Saturday, January 13, 2007

I think it was in The Proposition that I first noticed Danny Huston and I thought to myself, "Another interesting and talented person named Huston? Surely not another of Walter Huston's talented descendents." And yet he is--now there's Walter, John, Angelica, and Danny.

He's good at being abrupt and sort of cerebral. Aside from The Proposition, where he played an intellectual psychopathic outlaw, he was also memorable as the Austrian emperor in Sophia Coppola's Marie Antoinette, and as a rich art collector in Children of Men.

His scene in that last movie is one of its most striking, partly because it's quiet and sort of brobdingnagianly elegant in the midst of a movie that is otherwise an impressive, breakneck exercise of overlapping Orwellian dystopia with brilliantly humanistic action sequences.
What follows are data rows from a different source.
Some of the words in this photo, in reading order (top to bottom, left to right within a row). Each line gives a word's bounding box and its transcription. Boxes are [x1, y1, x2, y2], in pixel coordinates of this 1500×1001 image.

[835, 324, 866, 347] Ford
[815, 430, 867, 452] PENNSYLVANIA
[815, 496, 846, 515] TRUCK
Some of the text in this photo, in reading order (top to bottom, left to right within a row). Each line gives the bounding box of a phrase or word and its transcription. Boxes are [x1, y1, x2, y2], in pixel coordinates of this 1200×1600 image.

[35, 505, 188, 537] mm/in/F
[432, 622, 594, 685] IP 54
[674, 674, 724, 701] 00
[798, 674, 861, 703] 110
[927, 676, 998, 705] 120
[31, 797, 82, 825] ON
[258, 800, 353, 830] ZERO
Children of Men does a marvellous job of maintaining tension without fatiguing the viewer to the point of losing herhisits suspension of disbelief. A lot of the ads compare the movie to Blade Runner, but it's not quite that good, and indeed a different sort of movie. Blade Runner may in many ways seem to be a credible glimpse of the future, but the movie's not really about trying to predict the future. Blade Runner's about existentialism and dark fantasy, while Children of Men is solidly a tale of humans reacting to the very credible future the movie creates. It's about politics and the ways in which an insurmountable and inexplicable catastrophe can produce totalitarianism through people's willingness to be led away from grim reality. In fact, in many ways, Children of Men is the movie V for Vendetta ought to have been.

In their rush to create anti-Bush propaganda, the makers of the V for Vendetta movie missed the comic book's message about humanity's fear of deadly chaos driving it to create a firm system of Knowns. Though while the V for Vendetta comic pits the impoverished totalitarian state against an agent of anarchy, Alfonso CuarĂ³n's protagonists are more in the camp of vague hope and intrinsic optimism for human nature. Perhaps there's even a spiritual element, as the idea of a miraculous pregnancy to save humanity seems clearly allegorical.
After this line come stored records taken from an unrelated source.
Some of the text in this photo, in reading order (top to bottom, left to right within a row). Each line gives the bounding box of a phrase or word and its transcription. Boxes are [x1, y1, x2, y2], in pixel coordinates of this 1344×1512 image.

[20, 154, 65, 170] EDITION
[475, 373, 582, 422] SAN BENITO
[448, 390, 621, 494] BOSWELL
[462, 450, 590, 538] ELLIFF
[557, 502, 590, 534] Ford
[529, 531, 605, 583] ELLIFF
But fortunately (for me, anyway), the movie's more about how people react under the stress of desperate adventures, which is a lot of fun. Clive Owen's great as always, and so is Claire-Hope Ashitey as the pregnant woman. Danny Huston's brief scene is interesting--as a well placed government official, he's used his wealth and resources to save works of art from ravaging mobs, so his otherwise austere white home is decorated with Michelangelo's David and Picasso's Guernica. A pair of pet oversized dogs completes the impression rather nicely of a home I bet the film's art designer would probably have designed for himself.